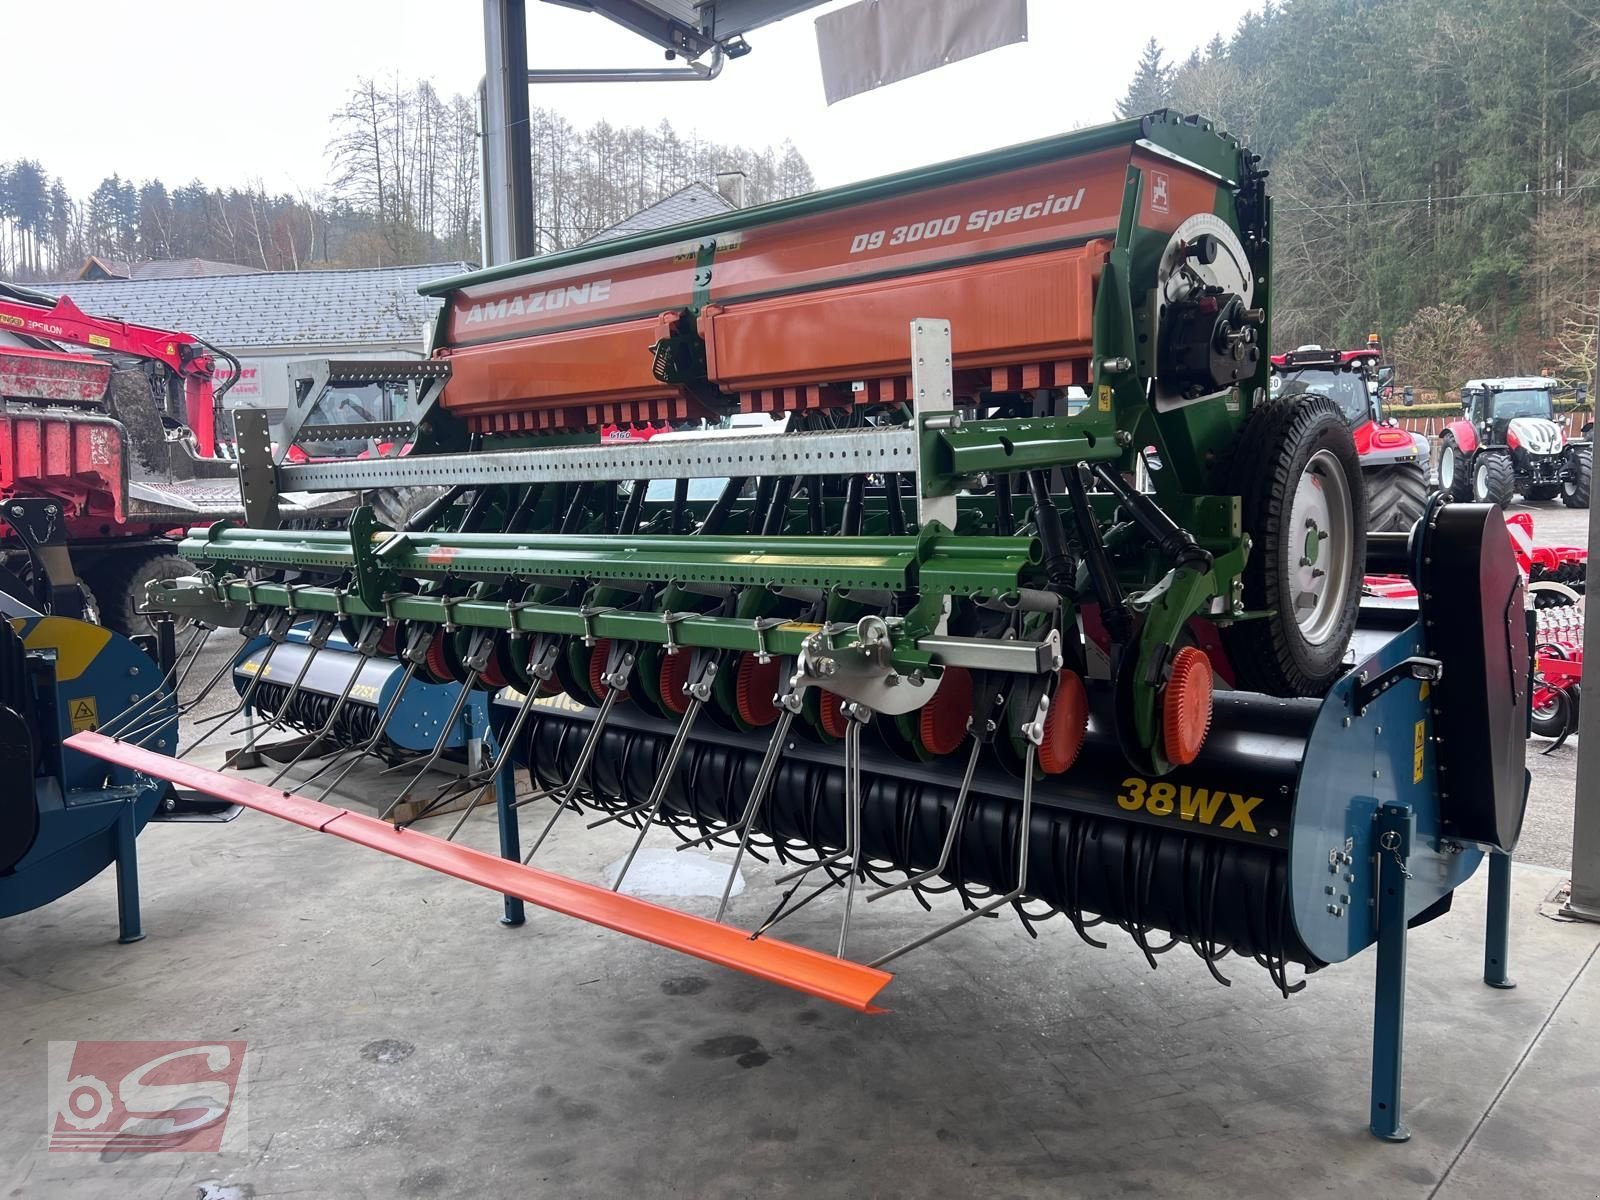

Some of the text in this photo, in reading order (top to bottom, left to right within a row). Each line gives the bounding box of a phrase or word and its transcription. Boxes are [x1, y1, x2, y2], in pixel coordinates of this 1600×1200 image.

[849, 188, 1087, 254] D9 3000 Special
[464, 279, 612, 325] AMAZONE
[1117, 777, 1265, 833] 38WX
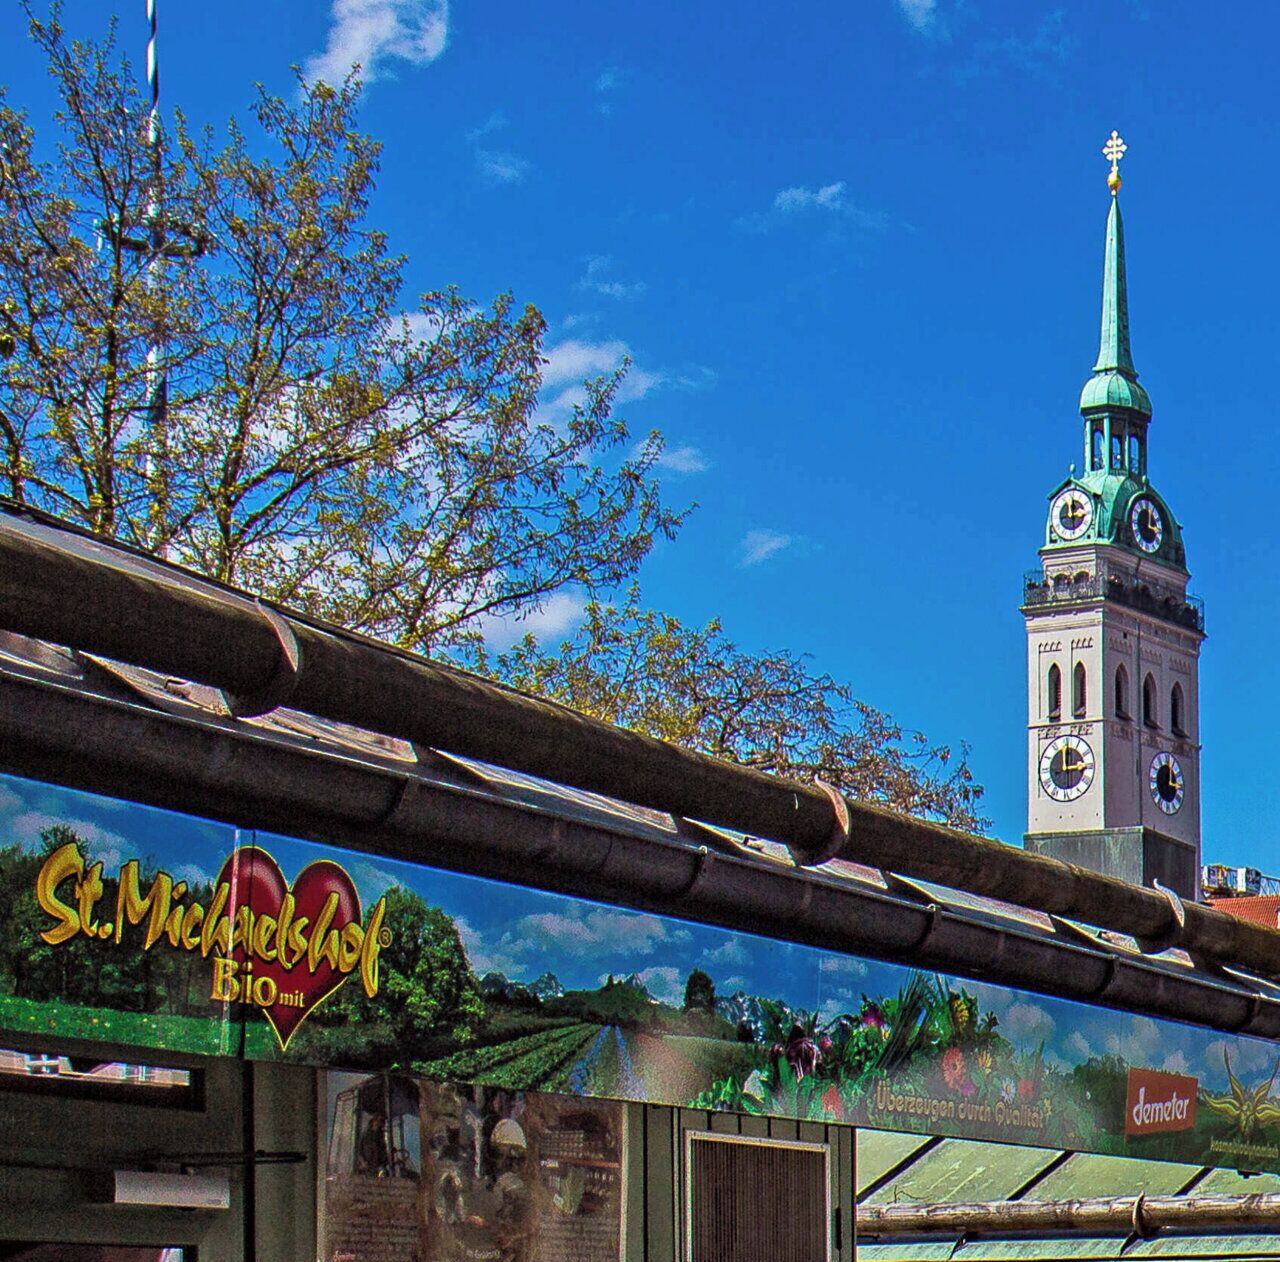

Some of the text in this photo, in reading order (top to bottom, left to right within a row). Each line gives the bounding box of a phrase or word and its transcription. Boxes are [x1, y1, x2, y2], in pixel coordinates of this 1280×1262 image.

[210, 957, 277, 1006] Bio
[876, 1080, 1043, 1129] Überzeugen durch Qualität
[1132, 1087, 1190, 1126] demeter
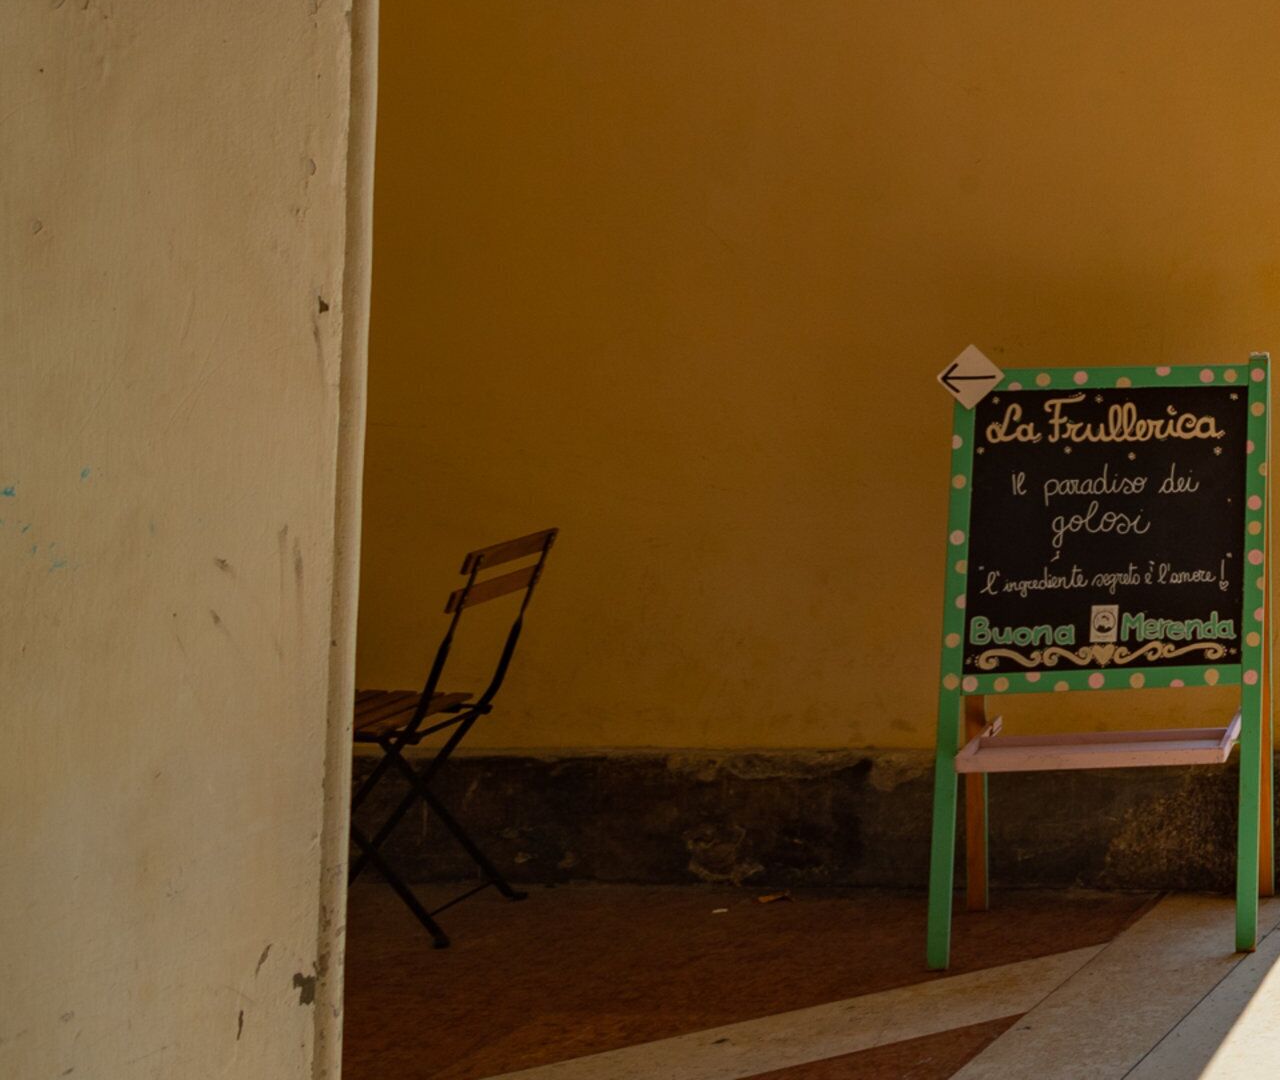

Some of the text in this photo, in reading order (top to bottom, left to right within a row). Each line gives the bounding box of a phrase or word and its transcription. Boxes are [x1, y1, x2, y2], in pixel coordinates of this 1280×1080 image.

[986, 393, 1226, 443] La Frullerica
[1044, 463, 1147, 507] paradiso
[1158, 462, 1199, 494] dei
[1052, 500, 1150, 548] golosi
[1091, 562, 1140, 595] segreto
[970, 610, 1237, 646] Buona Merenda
******
▶ **YOUR GOAL**: If a record contains a picture, leave the picture out; repeat the record itself exactly.

▶ **SOLUTION TO THE PROBLEM**:
Some of the text in this photo, in reading order (top to bottom, left to right within a row). Each line gives the bounding box of a phrase or word and its transcription. Boxes are [x1, y1, x2, y2], in pixel coordinates of this 1600×1200 image.

[849, 188, 1087, 254] D9 3000 Special
[464, 279, 612, 325] AMAZONE
[1117, 777, 1265, 833] 38WX

Some of the text in this photo, in reading order (top to bottom, left to right within a row). Each line gives the bounding box of a phrase or word and its transcription. Boxes are [x1, y1, x2, y2], in pixel coordinates of this 1280×1262 image.

[210, 957, 277, 1006] Bio
[876, 1080, 1043, 1129] Überzeugen durch Qualität
[1132, 1087, 1190, 1126] demeter

Some of the text in this photo, in reading order (top to bottom, left to right within a row). Each line gives the bounding box of a phrase or word and its transcription. Boxes are [x1, y1, x2, y2], in pixel coordinates of this 1280×1080 image.

[986, 393, 1226, 443] La Frullerica
[1044, 463, 1147, 507] paradiso
[1158, 462, 1199, 494] dei
[1052, 500, 1150, 548] golosi
[1091, 562, 1140, 595] segreto
[970, 610, 1237, 646] Buona Merenda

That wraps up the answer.